### ABOUT THIS TASK
Only these lines of the data below are wanted: the one with "this 1600×900 image.", the one with "this 1000×1000 image.", and any lines between them, each repeated exactly.

[Text-to-region grounding data]
--- START ---

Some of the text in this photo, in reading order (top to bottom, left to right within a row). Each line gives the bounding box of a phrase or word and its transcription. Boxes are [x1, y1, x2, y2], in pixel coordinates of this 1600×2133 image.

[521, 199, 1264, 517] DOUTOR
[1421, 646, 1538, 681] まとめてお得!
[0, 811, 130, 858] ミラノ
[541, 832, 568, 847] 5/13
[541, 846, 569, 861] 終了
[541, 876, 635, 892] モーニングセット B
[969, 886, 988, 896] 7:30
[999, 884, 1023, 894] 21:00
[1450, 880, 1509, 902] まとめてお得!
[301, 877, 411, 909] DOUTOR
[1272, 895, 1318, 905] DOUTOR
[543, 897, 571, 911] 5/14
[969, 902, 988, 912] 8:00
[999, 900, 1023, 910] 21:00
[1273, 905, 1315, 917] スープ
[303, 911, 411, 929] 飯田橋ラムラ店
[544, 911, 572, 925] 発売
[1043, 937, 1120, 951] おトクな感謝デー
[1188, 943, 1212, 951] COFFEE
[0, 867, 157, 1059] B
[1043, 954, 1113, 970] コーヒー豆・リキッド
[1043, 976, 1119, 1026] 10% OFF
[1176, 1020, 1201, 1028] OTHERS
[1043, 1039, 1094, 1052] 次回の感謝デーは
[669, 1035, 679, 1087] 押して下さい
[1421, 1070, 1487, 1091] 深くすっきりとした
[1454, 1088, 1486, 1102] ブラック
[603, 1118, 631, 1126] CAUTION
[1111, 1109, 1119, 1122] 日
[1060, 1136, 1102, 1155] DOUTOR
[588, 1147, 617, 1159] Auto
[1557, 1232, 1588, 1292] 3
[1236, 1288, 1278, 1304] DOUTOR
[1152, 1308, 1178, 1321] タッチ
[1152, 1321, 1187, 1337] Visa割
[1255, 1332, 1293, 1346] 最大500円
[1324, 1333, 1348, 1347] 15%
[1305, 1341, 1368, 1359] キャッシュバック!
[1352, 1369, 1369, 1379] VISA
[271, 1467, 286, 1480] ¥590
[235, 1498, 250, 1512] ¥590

--- END ---
--- START ---

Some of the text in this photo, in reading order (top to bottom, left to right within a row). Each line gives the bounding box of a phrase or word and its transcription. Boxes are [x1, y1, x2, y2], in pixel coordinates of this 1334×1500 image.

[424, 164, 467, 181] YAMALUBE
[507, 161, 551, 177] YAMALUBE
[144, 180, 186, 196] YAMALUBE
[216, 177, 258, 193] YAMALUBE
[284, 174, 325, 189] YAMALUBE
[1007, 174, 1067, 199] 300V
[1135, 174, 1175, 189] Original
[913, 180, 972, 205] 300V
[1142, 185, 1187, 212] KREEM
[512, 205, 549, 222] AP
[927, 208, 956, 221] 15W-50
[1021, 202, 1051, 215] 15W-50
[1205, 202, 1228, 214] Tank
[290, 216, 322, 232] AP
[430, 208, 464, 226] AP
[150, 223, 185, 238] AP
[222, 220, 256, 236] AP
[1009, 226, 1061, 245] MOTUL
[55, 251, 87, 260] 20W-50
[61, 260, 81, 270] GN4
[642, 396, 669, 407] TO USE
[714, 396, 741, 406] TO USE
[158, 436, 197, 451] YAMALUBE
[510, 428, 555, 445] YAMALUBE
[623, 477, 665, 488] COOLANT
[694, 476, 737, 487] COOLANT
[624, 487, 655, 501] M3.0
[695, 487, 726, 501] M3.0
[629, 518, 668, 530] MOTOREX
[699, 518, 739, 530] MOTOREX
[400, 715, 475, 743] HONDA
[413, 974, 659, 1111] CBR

--- END ---
--- START ---

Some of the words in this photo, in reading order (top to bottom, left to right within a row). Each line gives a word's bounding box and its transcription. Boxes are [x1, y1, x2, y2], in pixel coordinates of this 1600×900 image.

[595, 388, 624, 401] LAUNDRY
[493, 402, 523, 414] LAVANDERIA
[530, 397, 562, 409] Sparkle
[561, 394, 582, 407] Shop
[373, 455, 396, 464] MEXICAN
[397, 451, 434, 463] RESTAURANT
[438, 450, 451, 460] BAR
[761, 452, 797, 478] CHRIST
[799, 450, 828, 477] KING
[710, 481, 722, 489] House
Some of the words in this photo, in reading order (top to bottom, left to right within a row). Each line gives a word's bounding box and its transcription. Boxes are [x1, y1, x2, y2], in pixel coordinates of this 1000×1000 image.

--- END ---

### THE COMPLETED TASK
Some of the words in this photo, in reading order (top to bottom, left to right within a row). Each line gives a word's bounding box and its transcription. Boxes are [x1, y1, x2, y2], in pixel coordinates of this 1600×900 image.

[595, 388, 624, 401] LAUNDRY
[493, 402, 523, 414] LAVANDERIA
[530, 397, 562, 409] Sparkle
[561, 394, 582, 407] Shop
[373, 455, 396, 464] MEXICAN
[397, 451, 434, 463] RESTAURANT
[438, 450, 451, 460] BAR
[761, 452, 797, 478] CHRIST
[799, 450, 828, 477] KING
[710, 481, 722, 489] House
Some of the words in this photo, in reading order (top to bottom, left to right within a row). Each line gives a word's bounding box and its transcription. Boxes are [x1, y1, x2, y2], in pixel coordinates of this 1000×1000 image.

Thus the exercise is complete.